Background: Rotational malalignment of total knee arthroplasty (TKA) has been correlated with patellofemoral maltracking, knee instability, and stiffness. CT is the most accurate method to assess rotational alignment of prosthetic components after TKA, but inter- and intraobserver reliability of CT scans for this use has not been well documented. Questions/purposes: The objective of this study was to determine the inter- and intraobserver reliability and the repeatability of the measurement of TKA component rotation using two-dimensional CT scans. Methods: Fifty-two CT scans of TKAs being evaluated for revision surgery were measured by three different physicians. An orthopaedic resident and attending measured the same scans twice (more than 2 weeks apart) and a musculoskeletal radiologist measured them once.

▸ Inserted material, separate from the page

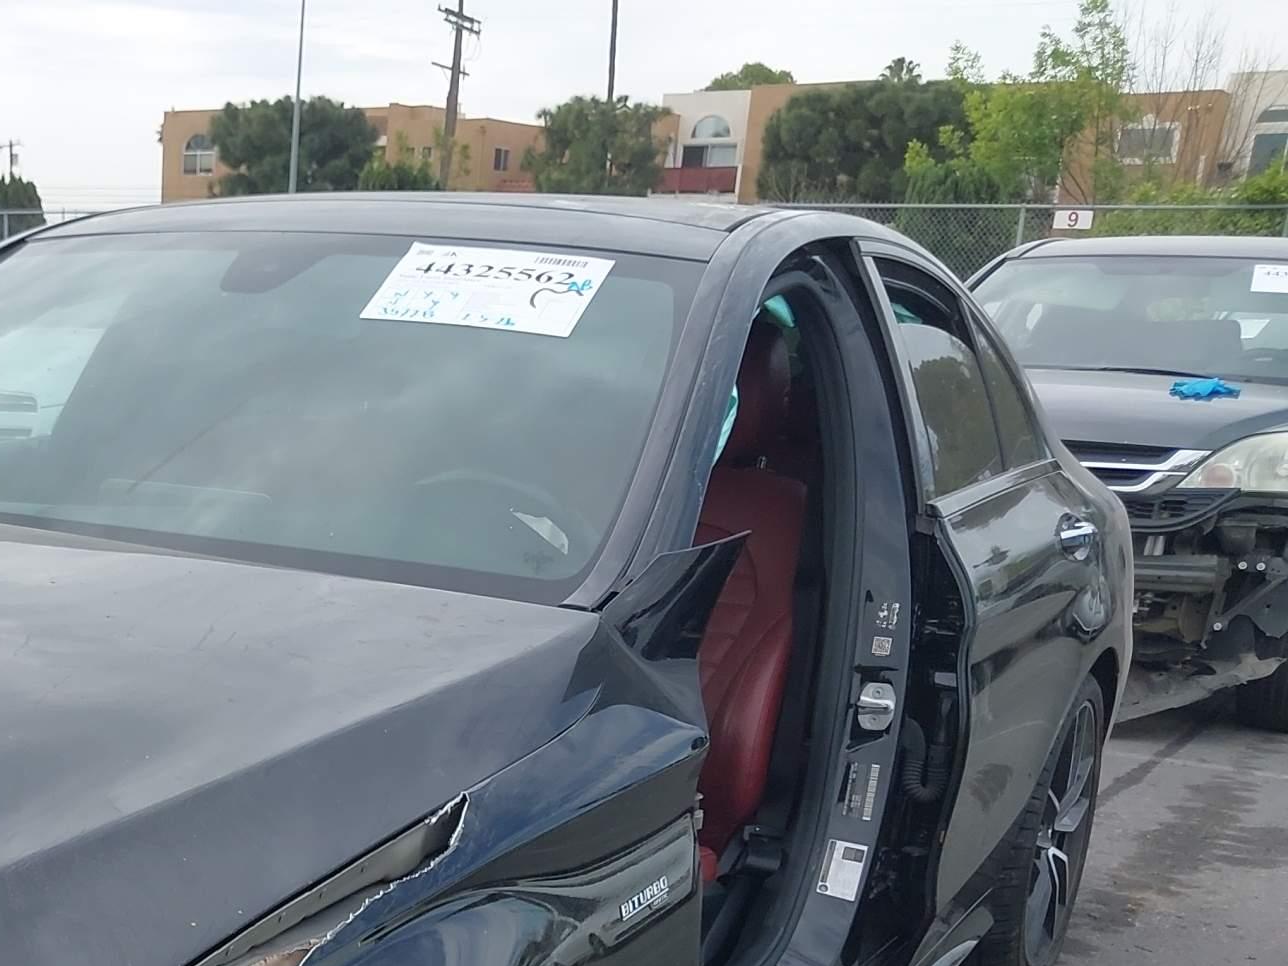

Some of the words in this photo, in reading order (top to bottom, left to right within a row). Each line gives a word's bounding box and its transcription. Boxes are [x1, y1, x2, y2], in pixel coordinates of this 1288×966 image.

To assess interobserver reliability, intraclass correlation coefficients (ICCs) with two-way mixed-effects analysis of variance models as well as 95% confidence intervals for each were done. The repeatability coefficient was calculated as well, which is defined as the difference in measurements that include 95% of the values. This indicates the magnitude of variability among measurements in the same scale, which in this study is degrees. Results: The interobserver ICC measurement for the femoral component was 0.386 (poor), and it was 0.670 (good) for the tibial component. The interobserver ICC for the combined rotation measurements was 0.617 (good). The intraobserver ICC for the femoral component was 0.606 (good), and it was 0.809 (very good) for the tibial component. The intraobserver ICC for combined rotation was 0.751 (good). The intraobserver repeatability coefficient for the femoral component was 0.49, 10.64 for the tibial component, and 12.29 for combined rotation. Conclusions: In this study, the inter- and intraobserver reliability, and the repeatability, of TKA component rotation were variable. This raises concern about whether CT scan is diagnostic in the assessment of component malrotation after TKA. Level of Evidence: Level IV, diagnostic study. See Guidelines for Authors for a complete description of levels of evidence.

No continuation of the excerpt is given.